KYC identities in the dark web
Regular KYC checks are an annoying process honest retailers have to undergo to access services from centralized platforms. While basic checks take hours to complete, more detailed checks take days to complete depending on the workload.
The checks are a huge barrier to rogue actors attempting to showcase scam projects or rug pulls, a deeper inquest by Certik however suggests a different narrative.
Determined criminals can blackmail victims into providing identity checks, the dark web provides a less strenuous way to obtain real identities.
The report revealed willing sellers from developing countries providing KYC services at a fee. The fee ranged from $8 for basic verification and significantly higher if the buyer required KYC from a country with low risks of money- laundering. Sellers easily made $20 to $30 from a deal.
On certain instances, we found some KYC actor roles, such as acting as the CEO of a crypto project, paid up to 500 USD a week. Our explorations show that the global prevalence of these OTC marketplaces is significant, with an above average concentration in South-East Asia and group sizes ranging from 4,000 to 300,000 members
Certik report
The investigators identified over 500,000 willing buyers and sellers involved in the trade.
Role false identities in Crypto scams
The number of retail users defrauded by crypto scammers is rapidly rising. Developers today masquerade scams as legit projects using face identities to capture the trust of their users.

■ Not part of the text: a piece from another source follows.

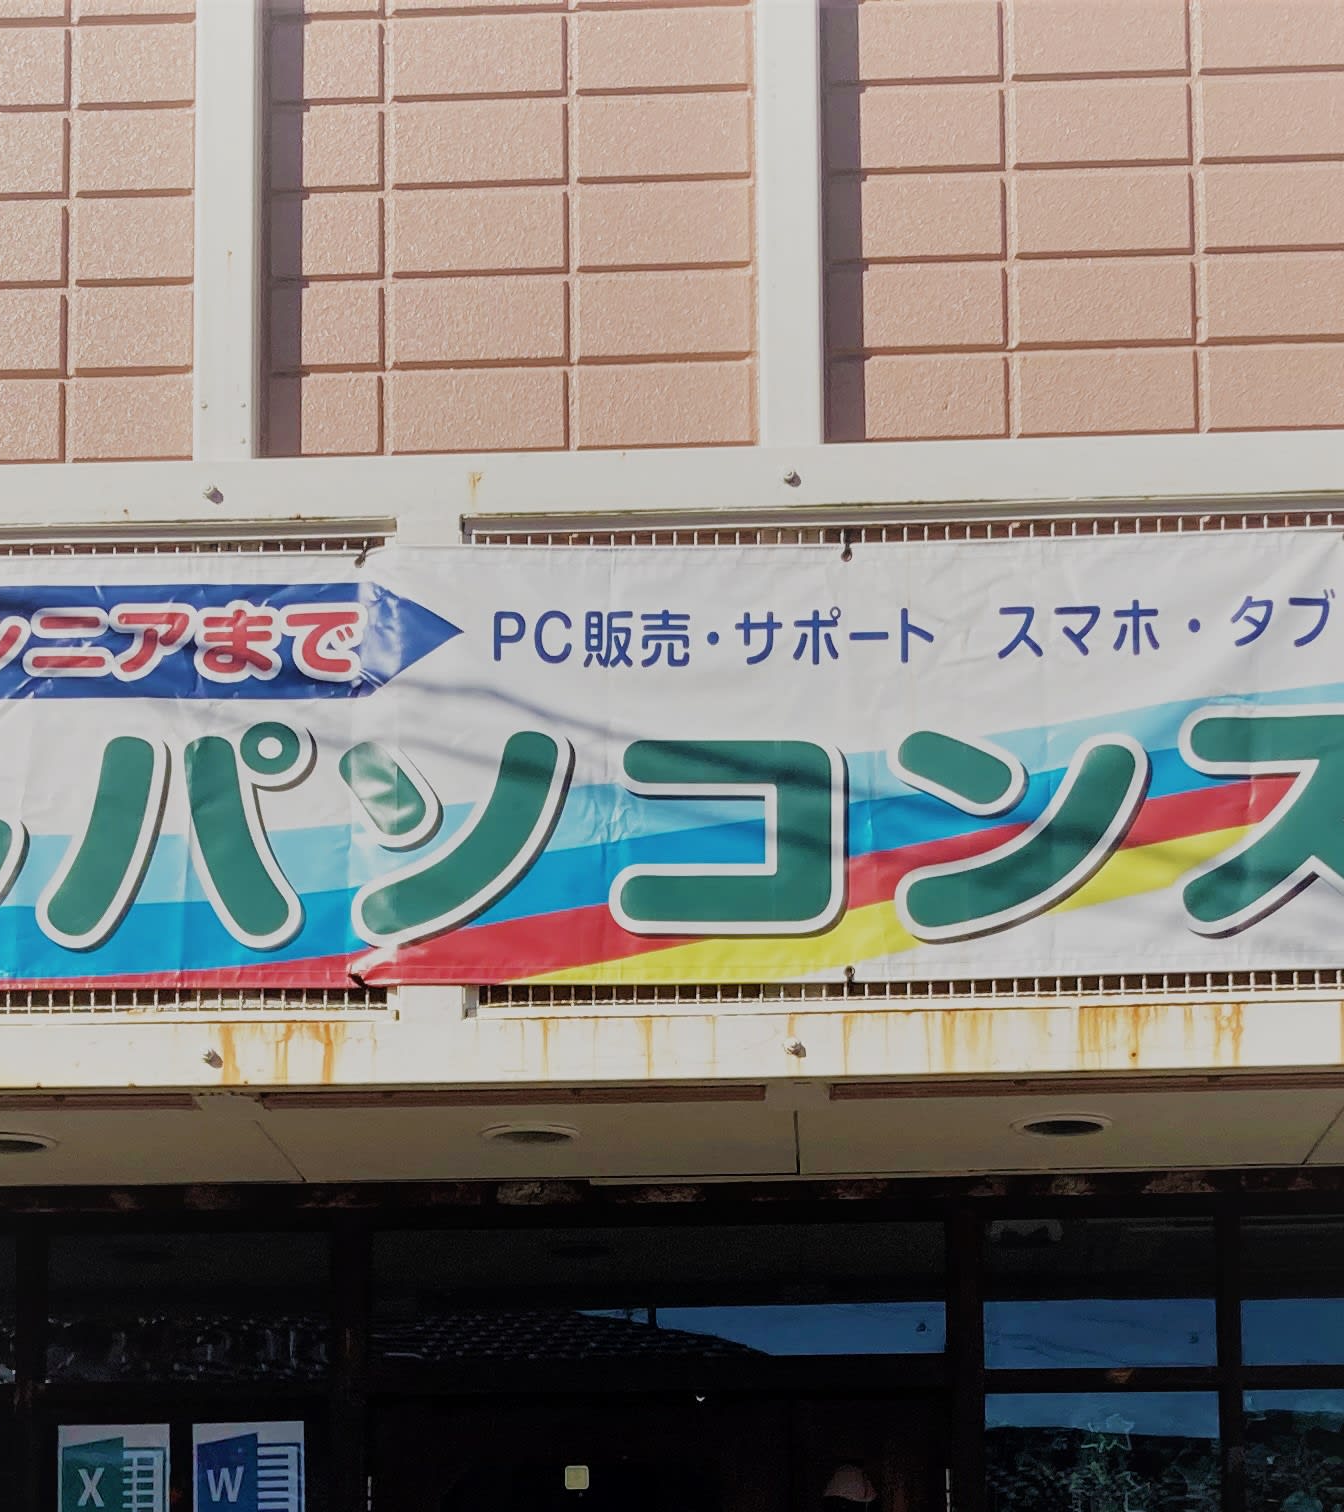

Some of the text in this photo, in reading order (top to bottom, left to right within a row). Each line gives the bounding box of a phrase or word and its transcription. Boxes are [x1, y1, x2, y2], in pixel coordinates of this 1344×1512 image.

As revealed in the report, for $500 a week, developers can easily manage a community without the risk of exposing their identities which would carry high legal risks.
Notable rug pulls include the OneCoin case, where users lost up to $15B. Others include AnubisDAO ($58M), Uranium Finance ($50M), DeFi100 ($32M), Meerkat Finance ($31M), Snowdog DAO ($30M), and StableMagenet ($22M). The level of stress and financial losses by investors who put their money into these projects is insurmountable
The role of the identity actors in the dark web is not to provide privacy or freedom to the buyers, but particularly to defraud investors. The sad reality is that investors do not have the expertise to determine the authenticity of the developers behind these projects. It is even sadder that most of the current KYC compliance techniques used by most platforms are too amateur to tell fake from real identities.
Fake identities can lead to very serious consequences, fraudulent users bypass their verification process, leverage these identities to mislead and scam additional investors, and escape accountability for their crimes.
Common crypto scams
Cryptocurrencies are the choice mode of payment because they are unregulated, untraceable and irreversible.
Investment scams: imposter managers promise high returns on crypto investments, they win the trust of the victim and steal their funds once they ‘invest’.
Pump and dump: scammers hype up new digital assets that inherently have no value with promises of high price growth. Investors buy into the dream by buying the coins, the imposters later sell their stake leaving investors with worthless coins.
Phishing scams: malicious links to fake websites promising high returns on investment, or stealing user credentials to steal funds from their wallets.
Ponzi schemes: a structured form of investment where funds from new investors are used to pay out old investors. The system eventually becomes unsustainable and the rogue developers make away with investor funds.
Mining opportunities: these are commonly targeted to novice investors who are not familiar with how blockchain technology works. The investors are duped into purchasing mining software and hardware that are run remotely with the promise of high mining rewards.